• **WHAT IS EXPECTED**: Your task is to transcribe the data exactly while omitting each picture.

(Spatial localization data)
● ● ●

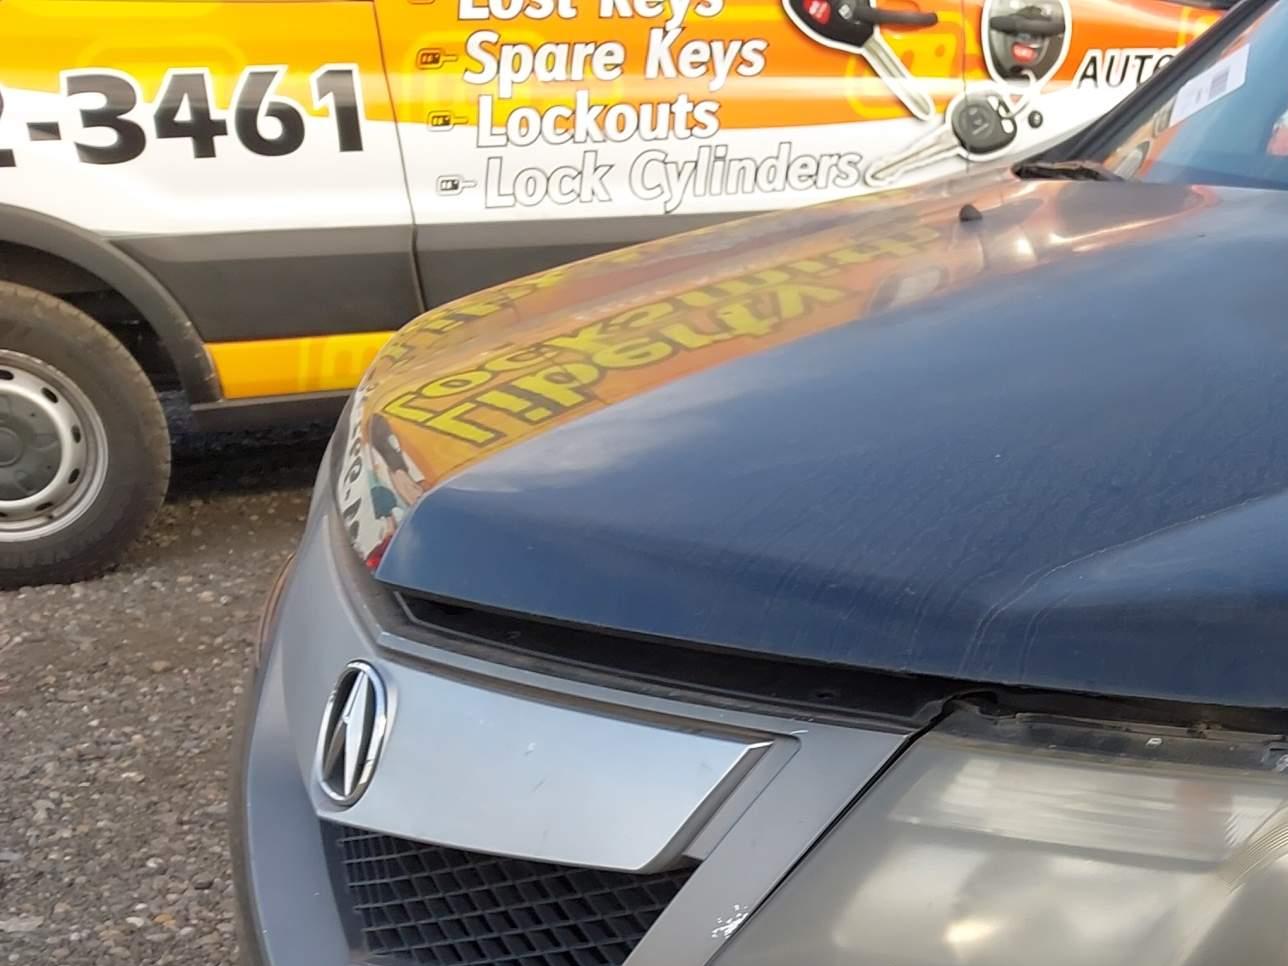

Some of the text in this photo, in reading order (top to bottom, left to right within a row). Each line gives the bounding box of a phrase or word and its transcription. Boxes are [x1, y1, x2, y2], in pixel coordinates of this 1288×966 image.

[463, 27, 769, 99] Spare Keys
[0, 69, 365, 168] -3461
[476, 91, 721, 148] Lockouts
[485, 142, 865, 214] Lock Cylinders

● ● ●

• **OUTPUT BELOW**:
Some of the text in this photo, in reading order (top to bottom, left to right within a row). Each line gives the bounding box of a phrase or word and its transcription. Boxes are [x1, y1, x2, y2], in pixel coordinates of this 1288×966 image.

[463, 27, 769, 99] Spare Keys
[0, 69, 365, 168] -3461
[476, 91, 721, 148] Lockouts
[485, 142, 865, 214] Lock Cylinders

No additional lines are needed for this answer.